NetBox vs phpIPAM: IP Address Management

Quick Verdict

NetBox is the better choice for infrastructure teams that need full data center infrastructure management (DCIM) alongside IP address management. It has a comprehensive API, strong community, and models devices, racks, circuits, and cables — not just IPs. phpIPAM is the better choice if you only need IP address management and want a simpler, lighter tool. NetBox for scale, phpIPAM for simplicity.

Overview

NetBox is an infrastructure resource modeling (IRM) application that includes IP address management. Originally built by DigitalOcean, it models the entire data center: devices, racks, cables, circuits, VLANs, IP addresses, and more. Built with Django/Python. NetBox site

phpIPAM is a dedicated IP address management tool. It handles subnets, IP addresses, VLANs, VRFs, and network documentation. Built with PHP and MySQL/MariaDB. Focused specifically on IPAM without the broader DCIM scope. phpIPAM site

Feature Comparison

FeatureNetBoxphpIPAM
IP address managementYesYes
Subnet managementYesYes
VLAN managementYesYes
VRF supportYesYes
Device inventoryYes (full DCIM)Basic
Rack diagramsYesNo
Cable managementYesNo
Circuit trackingYesNo
Power trackingYesNo
APIREST + GraphQLREST
Custom fieldsYesYes
RBACYes (granular)Yes (section-based)
LDAP/SAML authYesYes
WebhooksYesNo
PluginsYes (Django apps)No
Network scanningVia pluginBuilt-in (ping, SNMP)
DNS integrationVia pluginPowerDNS integration
DHCP integrationVia pluginNo
Import/exportCSV, bulk importCSV, XLS
Docker imagenetboxcommunity/netboxphpipam/phpipam-www
DatabasePostgreSQLMySQL/MariaDB
RuntimePython (Django)PHP
LicenseApache-2.0GPL-3.0

Installation Complexity

NetBox is more complex.

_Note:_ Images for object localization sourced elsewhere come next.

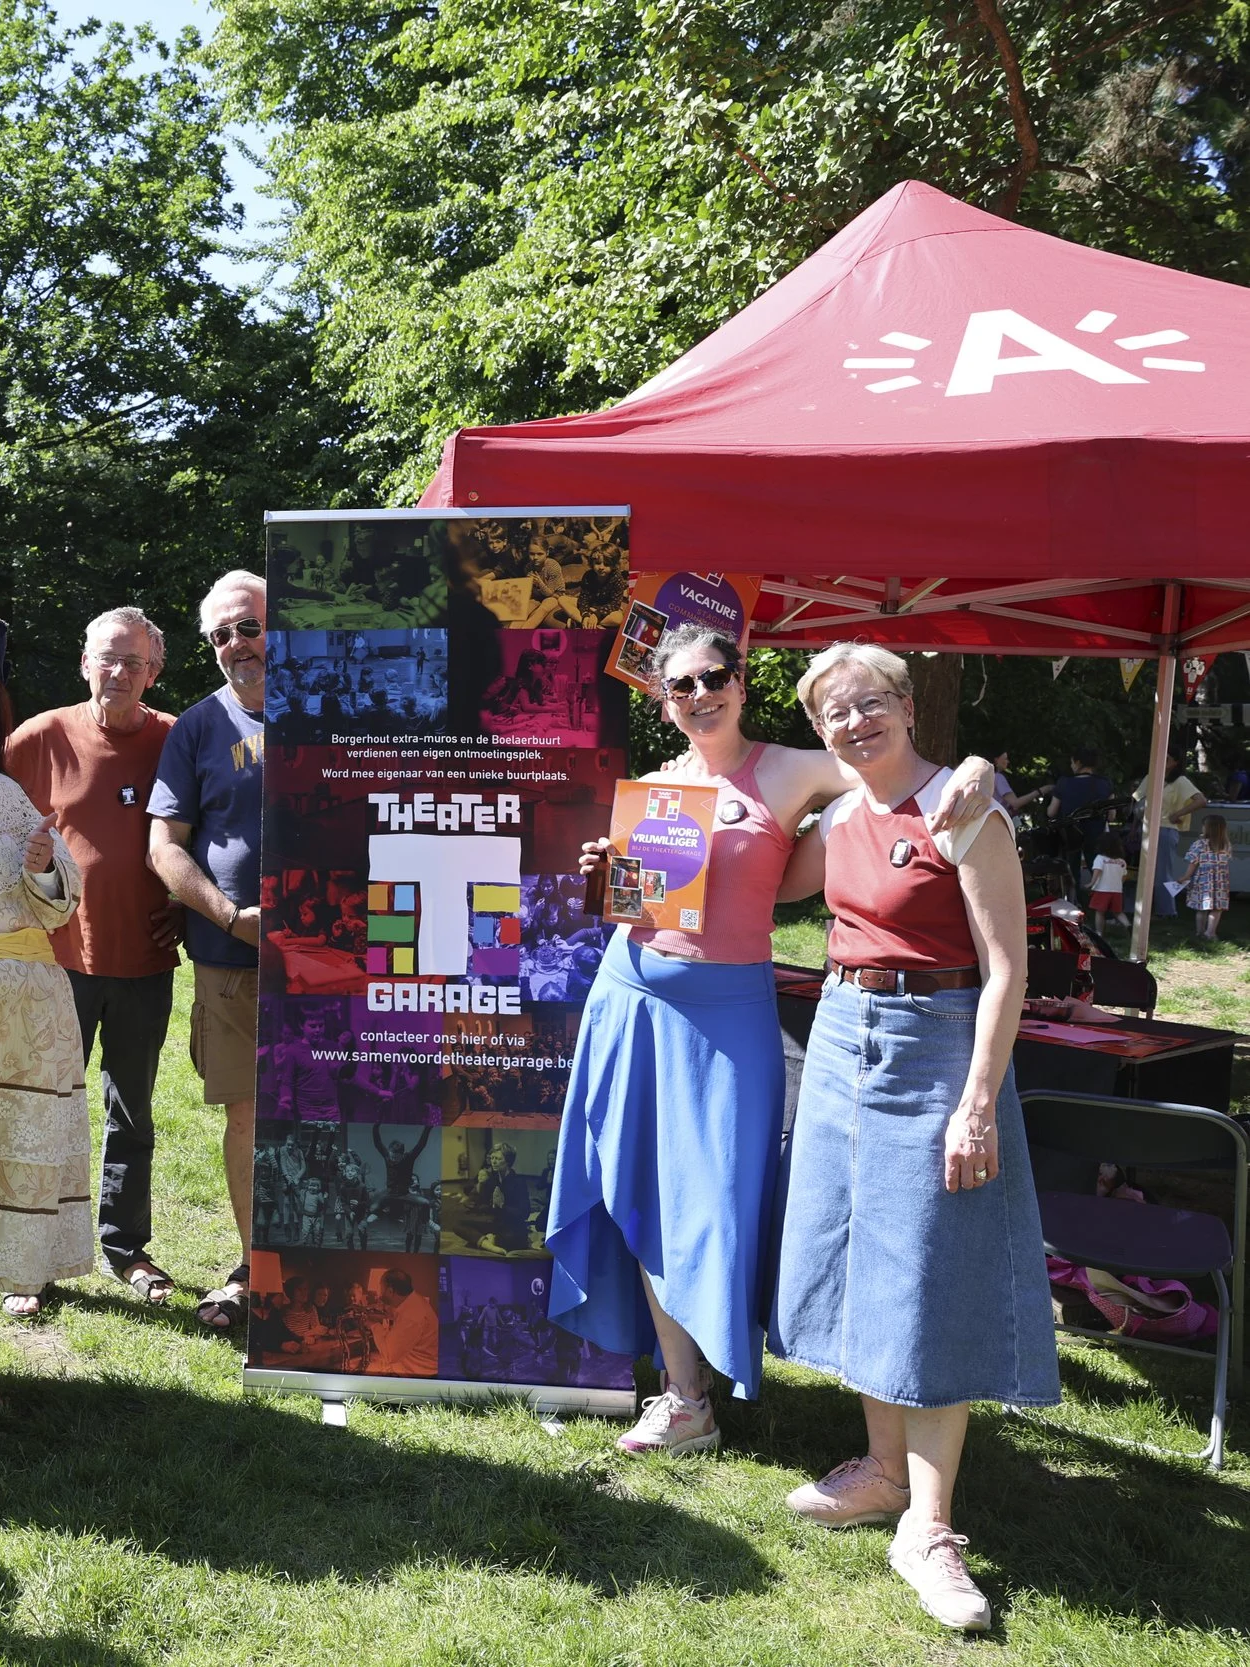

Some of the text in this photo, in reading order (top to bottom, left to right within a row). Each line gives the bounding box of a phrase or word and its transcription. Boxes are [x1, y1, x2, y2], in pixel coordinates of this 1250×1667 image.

[944, 308, 1150, 397] A
[680, 584, 738, 620] VACATURE
[331, 733, 561, 746] Borgerhout extra-muros en de Boelaerbuurt
[346, 748, 545, 761] verdienen een eigen ontmoetingsplek.
[321, 768, 570, 782] Word mee eigenaar van een unieke buurtplaats.
[368, 792, 521, 832] THEATER
[631, 832, 699, 848] VRIJWILLIGER
[667, 826, 700, 838] WORD
[367, 982, 522, 1015] GARAGE
[360, 1030, 526, 1047] contacteer ons hier of via
[311, 1050, 574, 1072] www.samenvoordetheatergarage.be
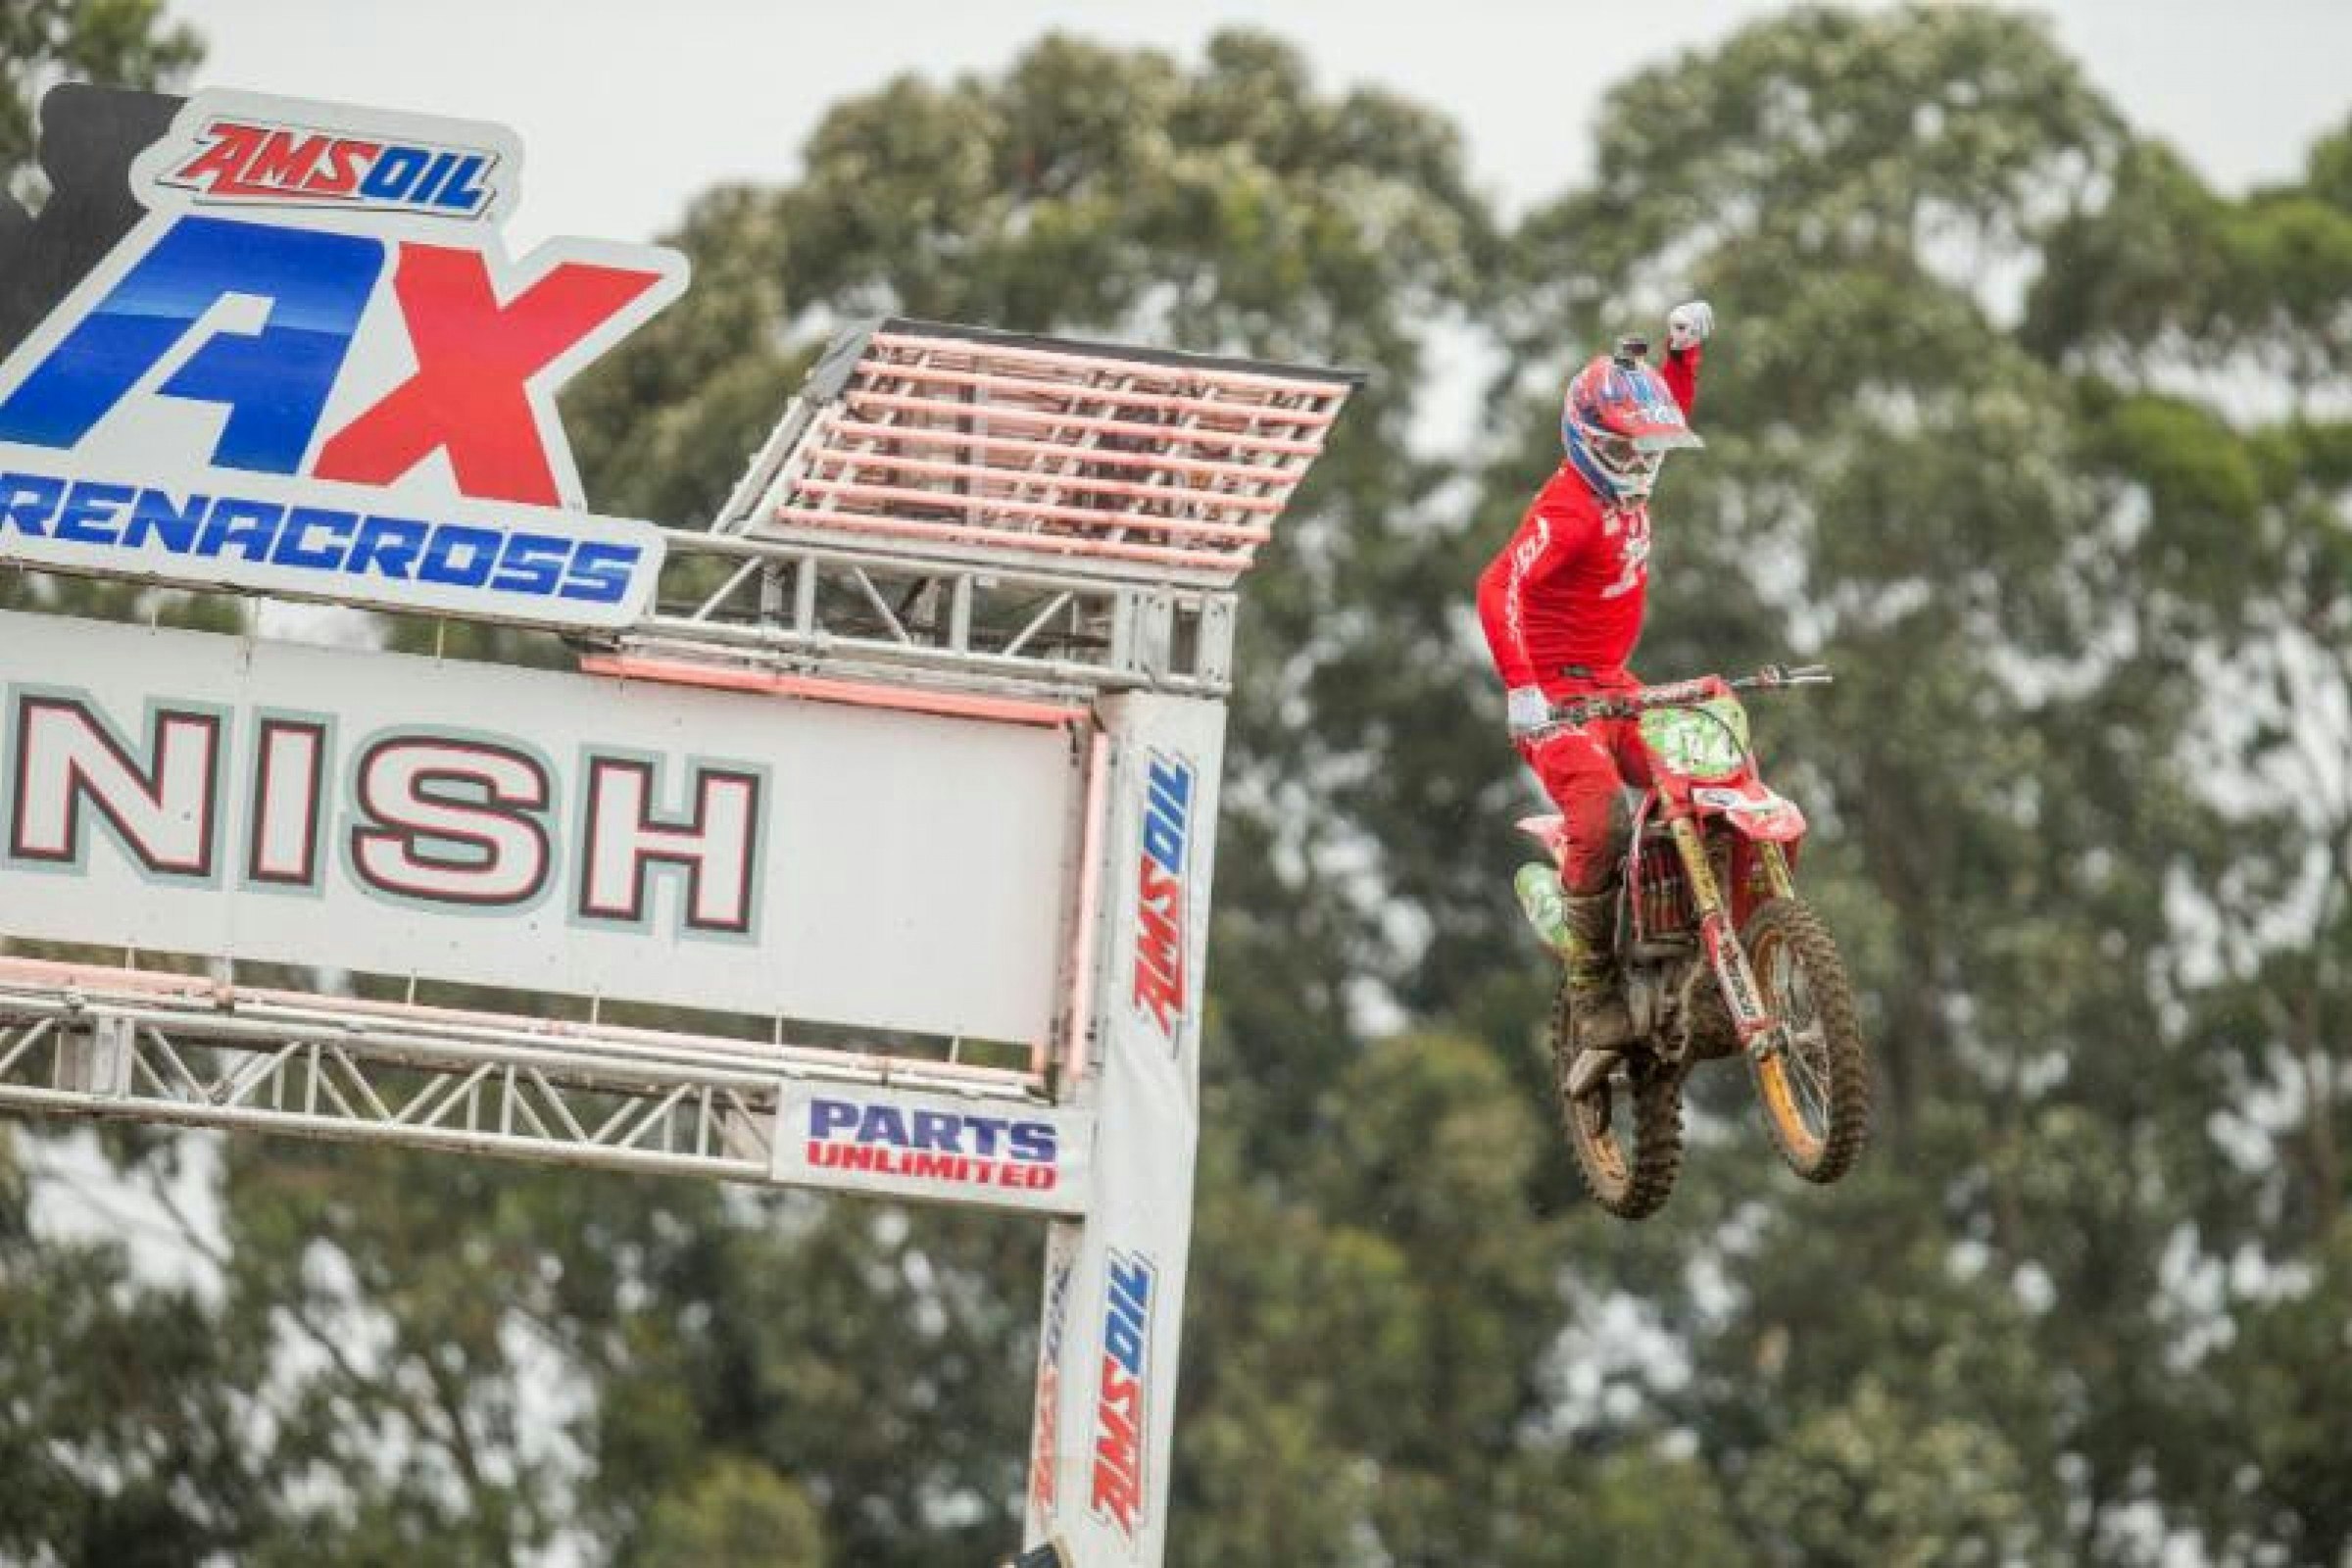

The Docker deployment uses docker-compose.yml with 7+ containers (NetBox, worker, housekeeping, PostgreSQL, Redis, Redis cache). Initial setup requires creating a superuser and configuring ALLOWED_HOSTS. The payoff is a full-featured platform.

phpIPAM is simpler — two containers (web server and MariaDB). The web-based installer guides you through database setup and initial configuration. Running within minutes.

Performance and Resource Usage

MetricNetBoxphpIPAM
RAM (idle)~500 MB - 1 GB (full stack)~100-200 MB
CPUModerateLow
Disk~500 MB (app)~200 MB (app)
DatabasePostgreSQL + 2x RedisMySQL/MariaDB
Suitable for10,000+ objects1,000+ subnets

NetBox is significantly heavier due to its broader scope. phpIPAM is lean and focused.

Use Cases

Choose NetBox If…

  • You manage data center infrastructure (servers, racks, cables)
  • You want a single source of truth for all infrastructure
  • You need a comprehensive REST/GraphQL API for automation
  • You want plugin extensibility
  • You manage multiple sites or data centers
  • You use Ansible/Terraform and want NetBox as the source of truth

Choose phpIPAM If…

  • You only need IP address and subnet management
  • You want the simplest IPAM setup
  • Your network is small to medium (< 10,000 IPs)
  • You want built-in network scanning (ping checks)
  • Resources are constrained

Final Verdict

NetBox for infrastructure teams. If you manage more than just IP addresses — devices, racks, circuits, cables — NetBox is the industry standard. The API-first design makes it the backbone of infrastructure automation.

phpIPAM for network teams. If IP address management is your primary need and you don’t want the overhead of full DCIM, phpIPAM does the job efficiently with lower resource requirements.

FAQ

Is NetBox overkill for a homelab?

For most homelabs, yes. phpIPAM or even a spreadsheet handles homelab IP management. NetBox becomes valuable when you have 20+ devices, multiple VLANs, and want API-driven automation.

Can phpIPAM do what NetBox does?

For IP/subnet/VLAN management, mostly yes. phpIPAM lacks device inventory, rack diagrams, cable management, and the plugin ecosystem. If you only need IPAM, that’s fine.

Does either integrate with DNS?

phpIPAM has native PowerDNS integration. NetBox has DNS plugins (netbox-dns). Both can feed DNS records from IP assignments, but neither is a DNS server itself.